**What you should do**
Without including any picture, copy the entries that follow word for word.

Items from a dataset
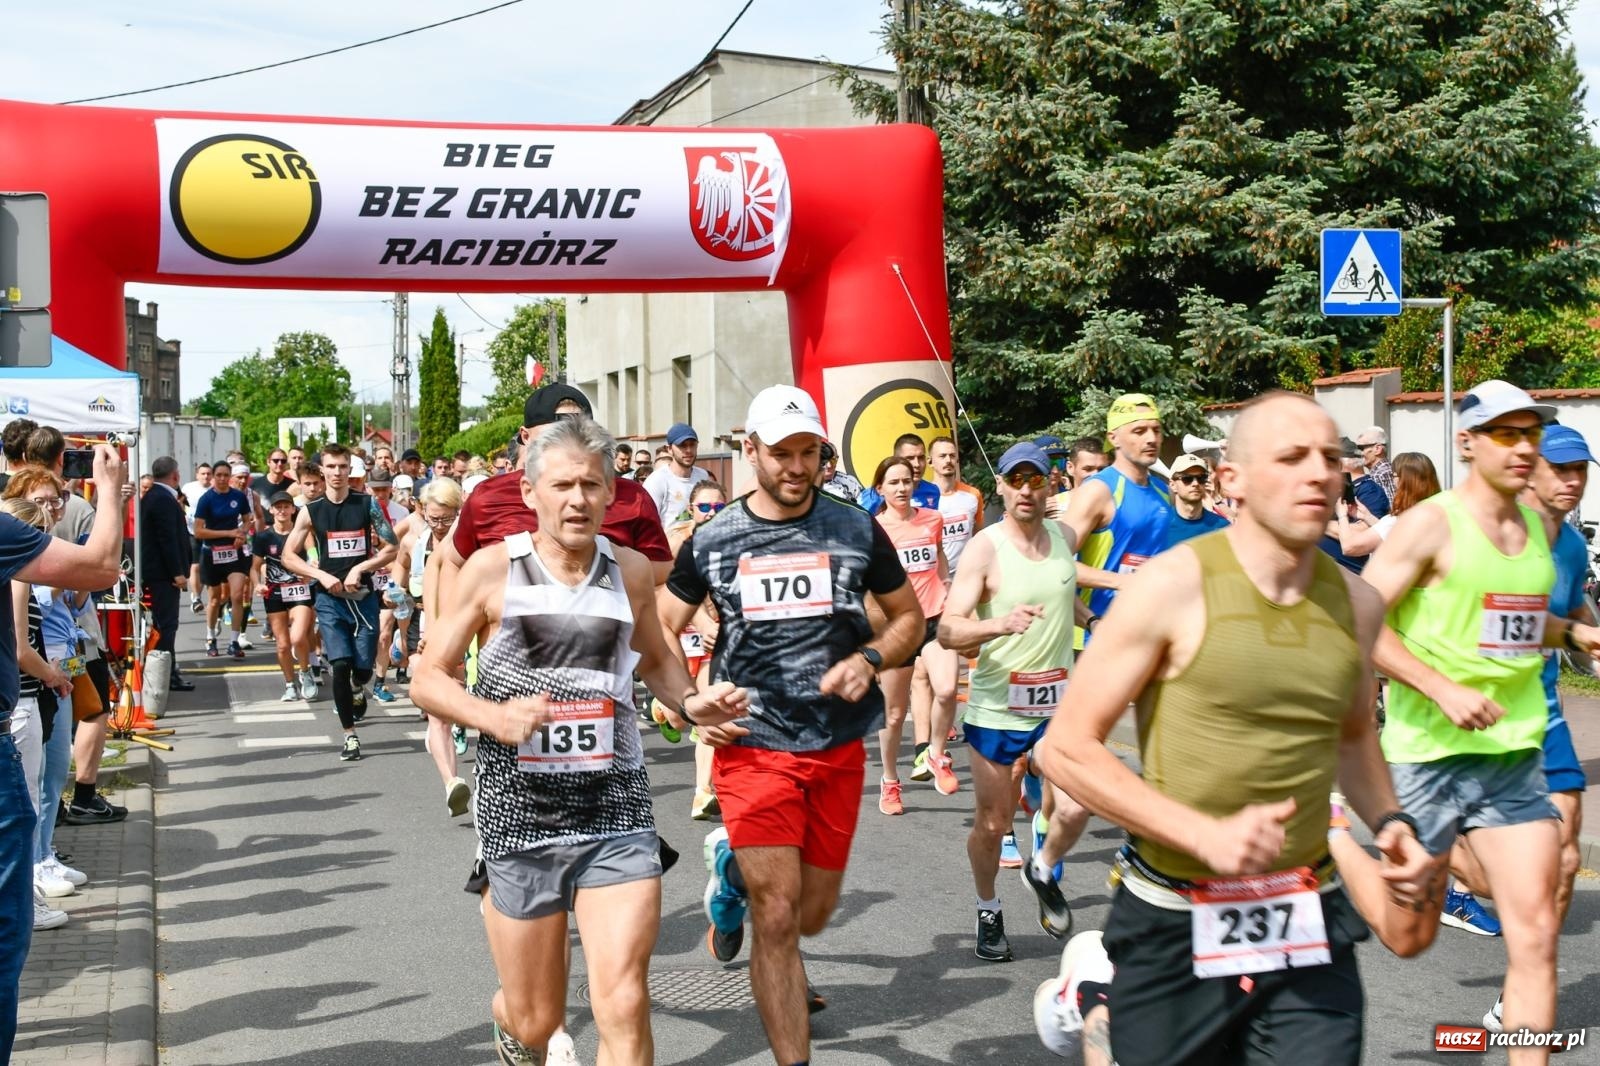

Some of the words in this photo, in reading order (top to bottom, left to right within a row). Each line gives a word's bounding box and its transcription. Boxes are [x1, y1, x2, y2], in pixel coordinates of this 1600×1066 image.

[241, 153, 317, 180] SIR
[443, 143, 555, 168] BIEG
[358, 185, 459, 218] BEZ
[466, 188, 641, 219] GRANIC
[378, 230, 618, 266] RACIBÓRZ
[88, 404, 116, 412] MITKO
[904, 401, 953, 429] SIR
[943, 523, 965, 536] 144
[336, 539, 358, 550] 157
[904, 548, 931, 564] 186
[288, 586, 305, 596] 219
[761, 574, 811, 602] 170
[1500, 614, 1537, 641] 132
[1026, 685, 1057, 705] 121
[537, 724, 597, 753] 135
[1220, 902, 1294, 945] 237

**Problem solution**
Some of the words in this photo, in reading order (top to bottom, left to right within a row). Each line gives a word's bounding box and its transcription. Boxes are [x1, y1, x2, y2], in pixel coordinates of this 1600×1066 image.

[241, 153, 317, 180] SIR
[443, 143, 555, 168] BIEG
[358, 185, 459, 218] BEZ
[466, 188, 641, 219] GRANIC
[378, 230, 618, 266] RACIBÓRZ
[88, 404, 116, 412] MITKO
[904, 401, 953, 429] SIR
[943, 523, 965, 536] 144
[336, 539, 358, 550] 157
[904, 548, 931, 564] 186
[288, 586, 305, 596] 219
[761, 574, 811, 602] 170
[1500, 614, 1537, 641] 132
[1026, 685, 1057, 705] 121
[537, 724, 597, 753] 135
[1220, 902, 1294, 945] 237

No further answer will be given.